**EXERCISE BRIEF**
The records must be retyped exactly, with no pictures included.

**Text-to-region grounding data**
------------------------------
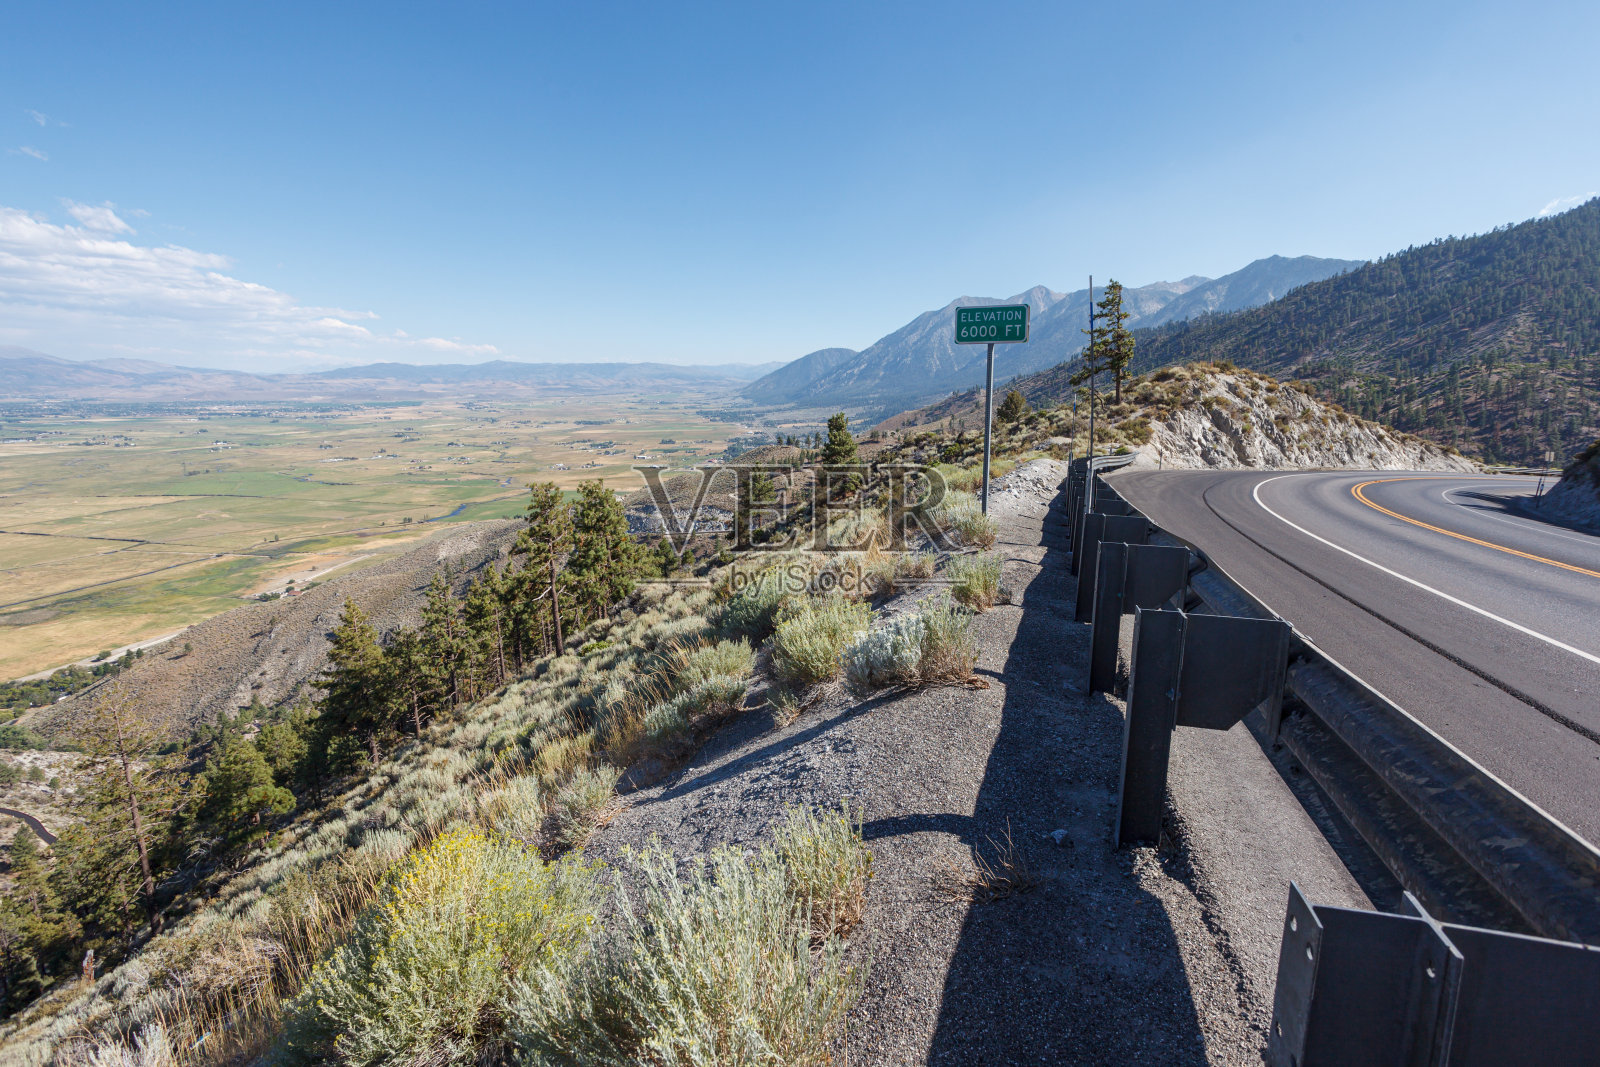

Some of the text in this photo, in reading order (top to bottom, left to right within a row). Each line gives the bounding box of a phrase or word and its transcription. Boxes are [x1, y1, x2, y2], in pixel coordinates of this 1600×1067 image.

[961, 310, 1022, 322] ELEVATION
[961, 324, 1022, 337] 6000 FT
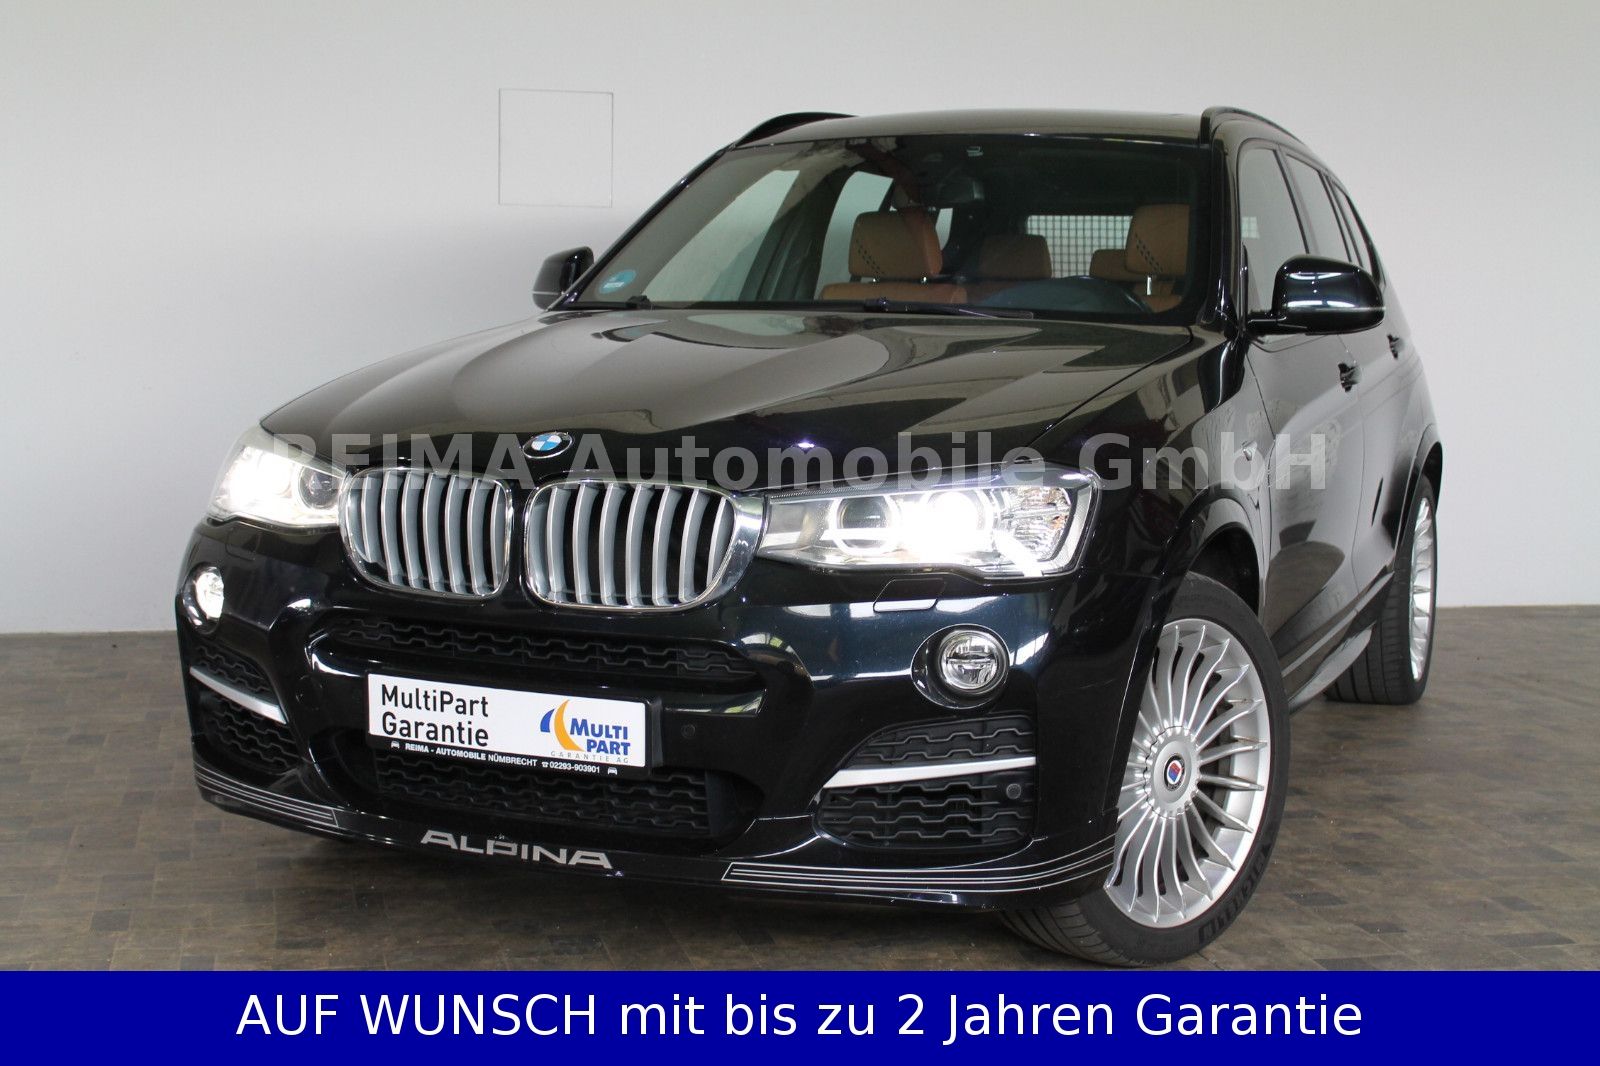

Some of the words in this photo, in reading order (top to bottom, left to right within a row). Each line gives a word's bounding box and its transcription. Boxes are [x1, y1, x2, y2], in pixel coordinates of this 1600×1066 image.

[381, 684, 489, 717] MultiPart
[382, 711, 489, 747] Garantie
[405, 743, 430, 753] REIMA
[435, 747, 487, 761] AUTOMOBILE
[487, 753, 538, 767] NÜMBRECHT
[549, 760, 601, 774] 02293-903901
[550, 750, 610, 763] GARANTIE
[586, 738, 631, 756] PART
[420, 829, 613, 870] ALPINA
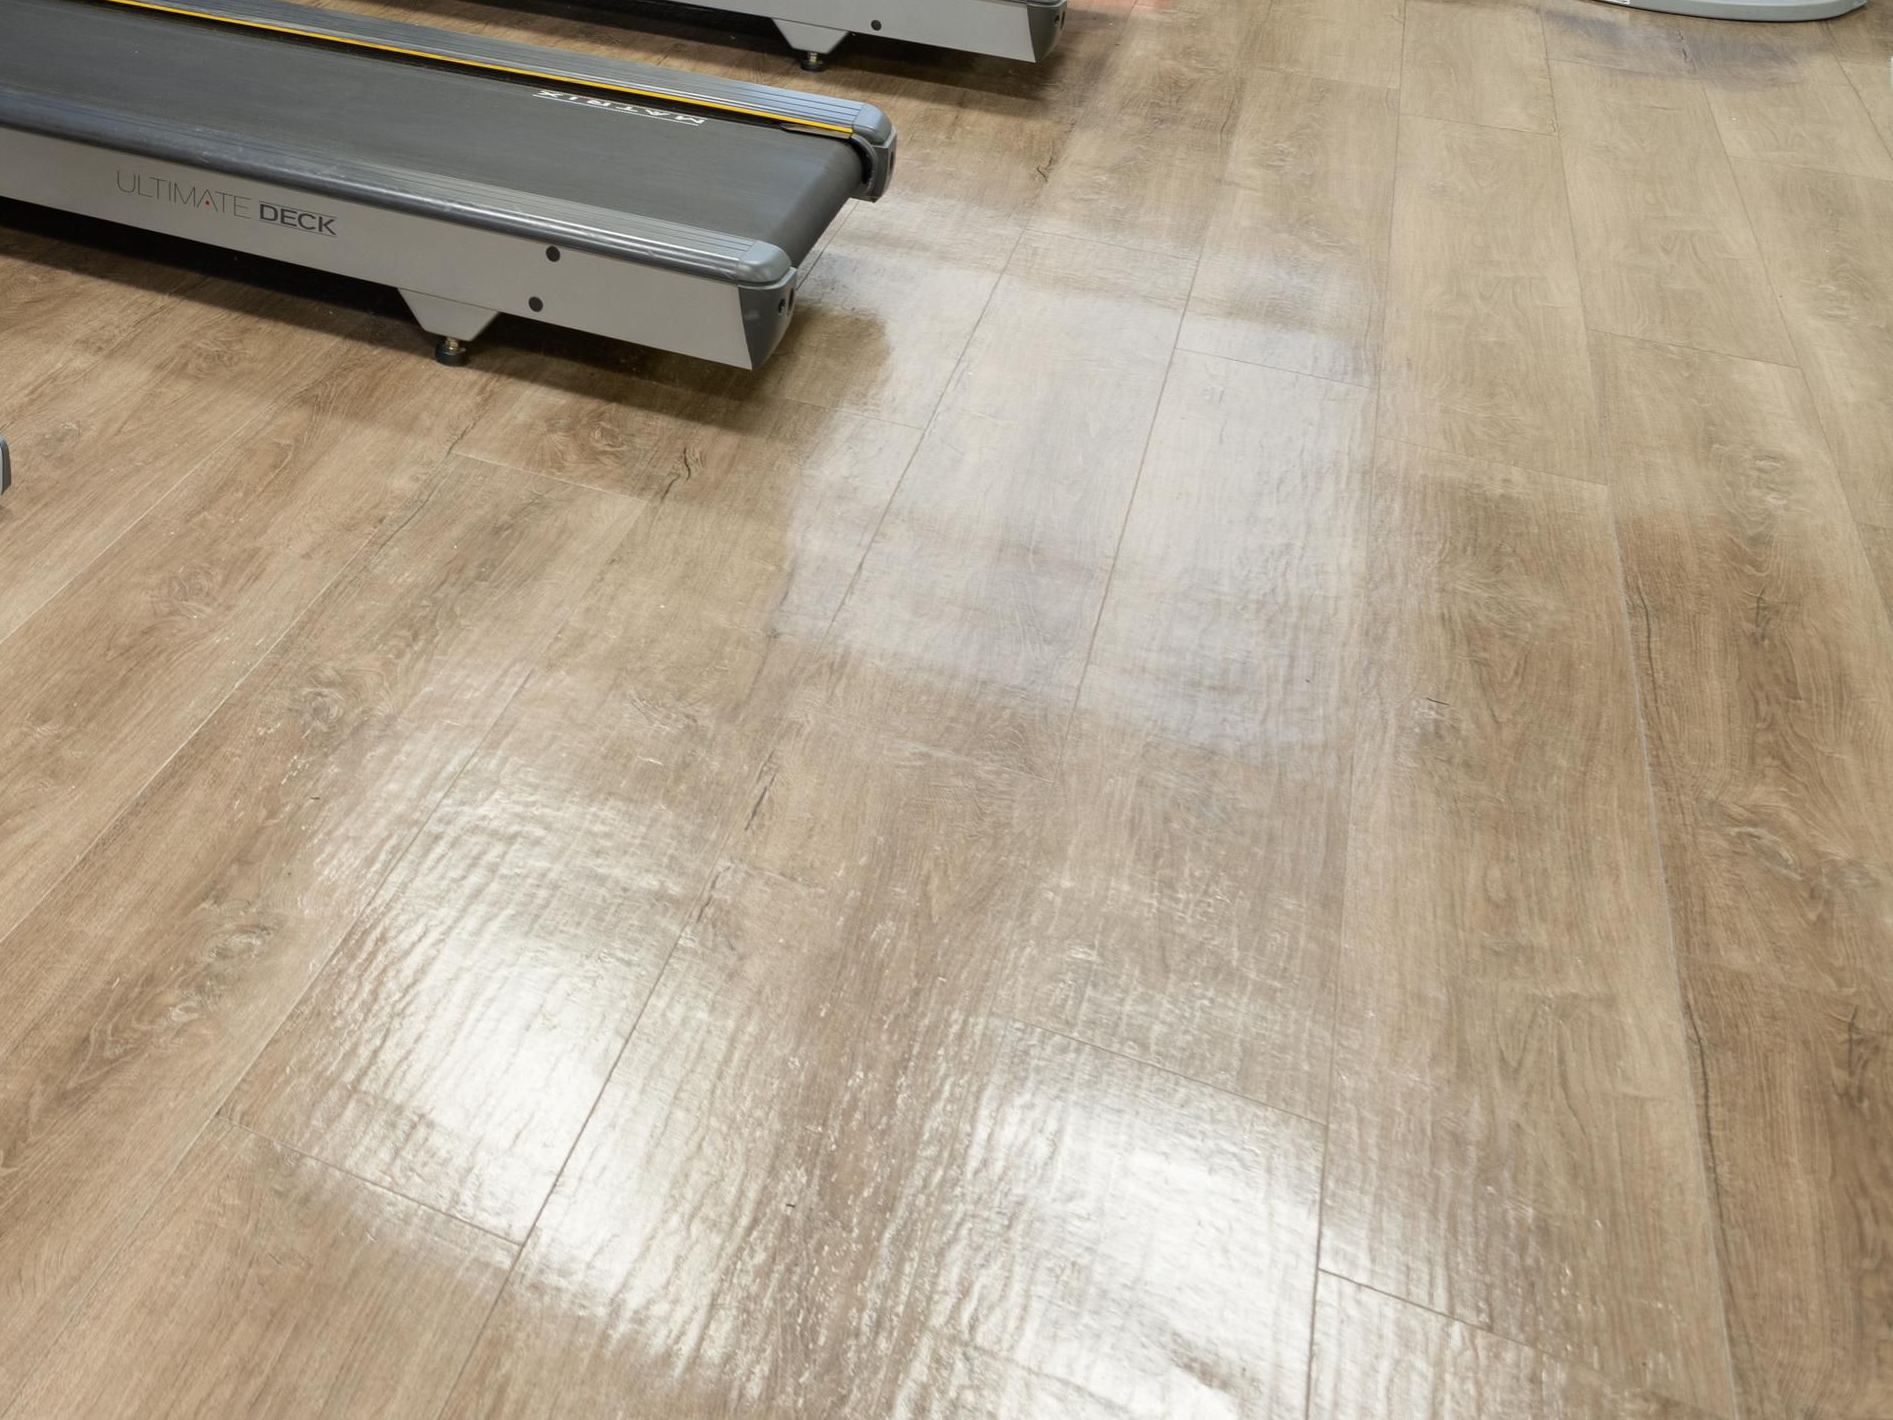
------------------------------
**ANSWER TO THIS EXERCISE**
Some of the text in this photo, in reading order (top to bottom, left to right within a row). Each line gives the bounding box of a phrase or word and its transcription. Boxes are [x1, y1, x2, y2], in pixel coordinates of this 1600×1067 image.

[961, 310, 1022, 322] ELEVATION
[961, 324, 1022, 337] 6000 FT

Some of the words in this photo, in reading order (top to bottom, left to right within a row). Each line gives a word's bounding box and its transcription. Boxes are [x1, y1, x2, y2], in pixel coordinates of this 1600×1066 image.

[381, 684, 489, 717] MultiPart
[382, 711, 489, 747] Garantie
[405, 743, 430, 753] REIMA
[435, 747, 487, 761] AUTOMOBILE
[487, 753, 538, 767] NÜMBRECHT
[549, 760, 601, 774] 02293-903901
[550, 750, 610, 763] GARANTIE
[586, 738, 631, 756] PART
[420, 829, 613, 870] ALPINA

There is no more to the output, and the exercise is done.